What the exercise asks:
Restate the listing below word for word. No picture belongs in the result.

##############################

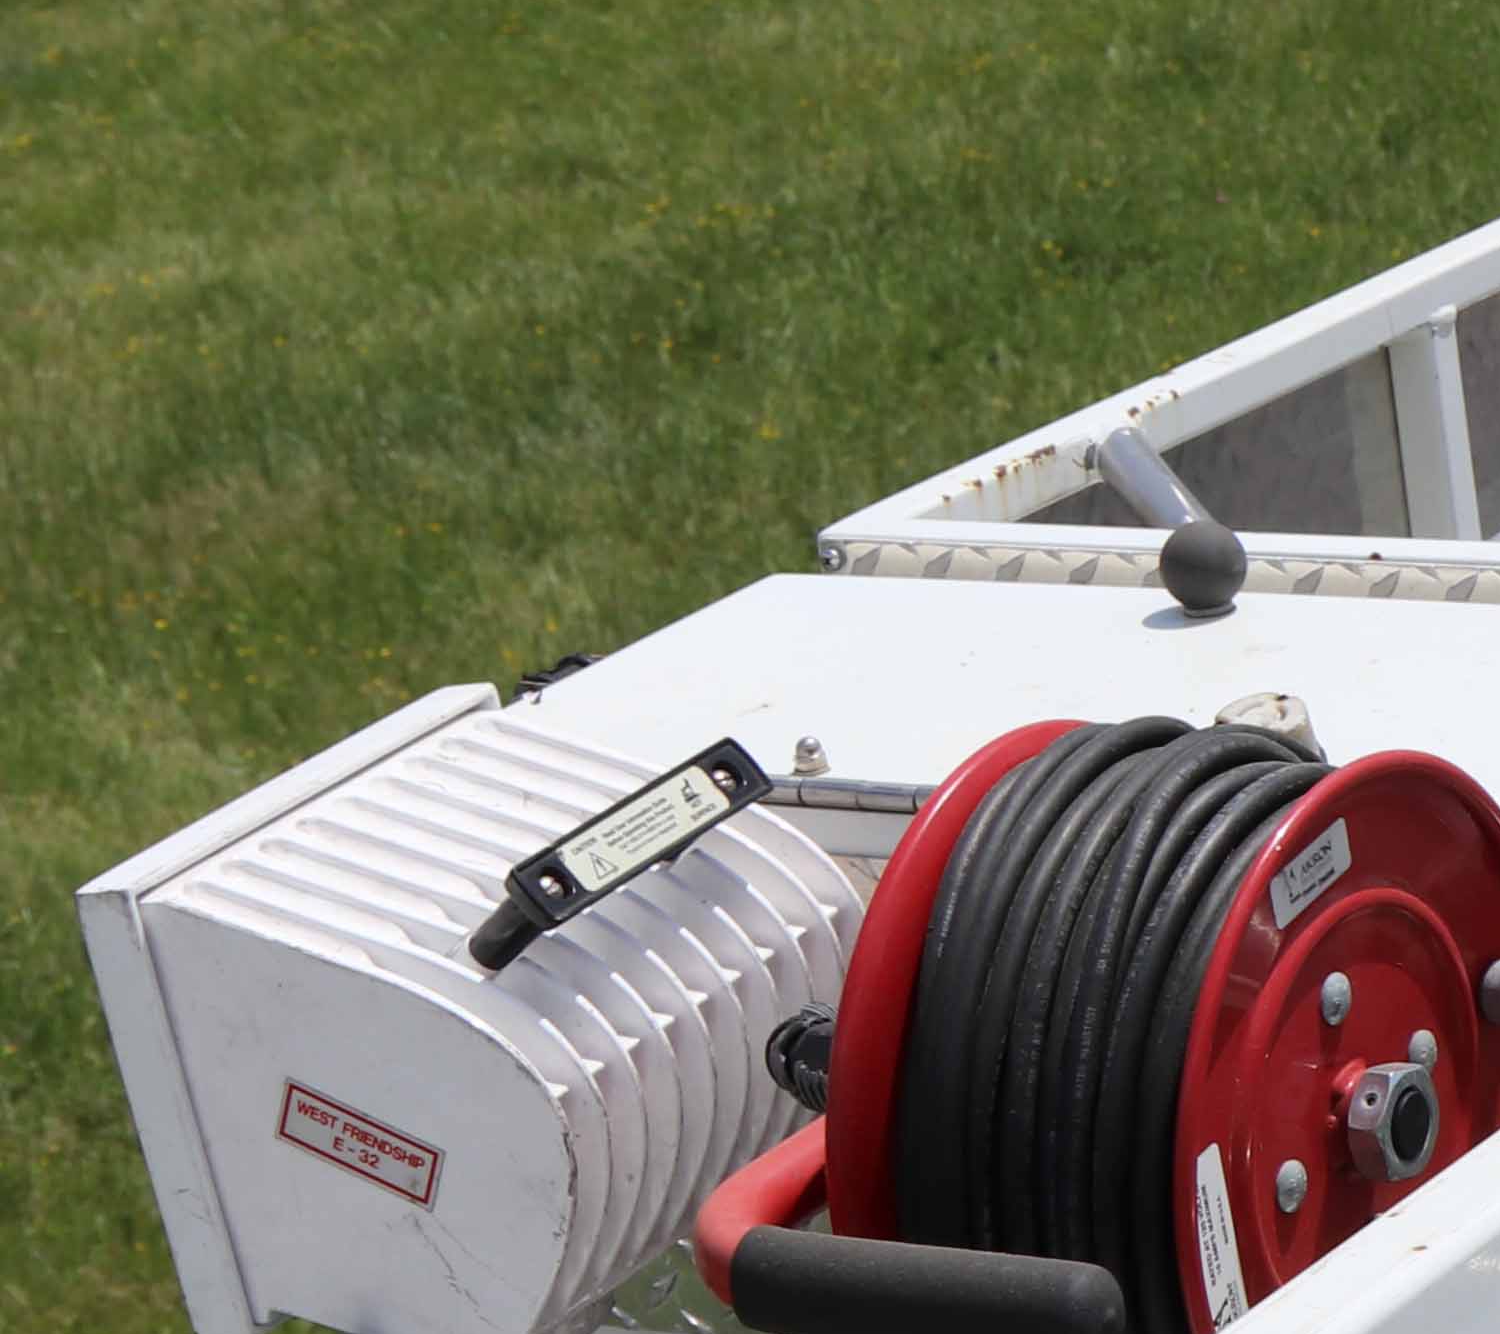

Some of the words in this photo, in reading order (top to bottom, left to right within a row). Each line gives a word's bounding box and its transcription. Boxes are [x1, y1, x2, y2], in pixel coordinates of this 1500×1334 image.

[297, 1099, 338, 1129] WEST
[342, 1122, 425, 1169] FRIENDSHIP
[333, 1136, 345, 1152] E
[358, 1149, 380, 1169] 32

##############################

Solution:
Some of the words in this photo, in reading order (top to bottom, left to right within a row). Each line gives a word's bounding box and its transcription. Boxes are [x1, y1, x2, y2], in pixel coordinates of this 1500×1334 image.

[297, 1099, 338, 1129] WEST
[342, 1122, 425, 1169] FRIENDSHIP
[333, 1136, 345, 1152] E
[358, 1149, 380, 1169] 32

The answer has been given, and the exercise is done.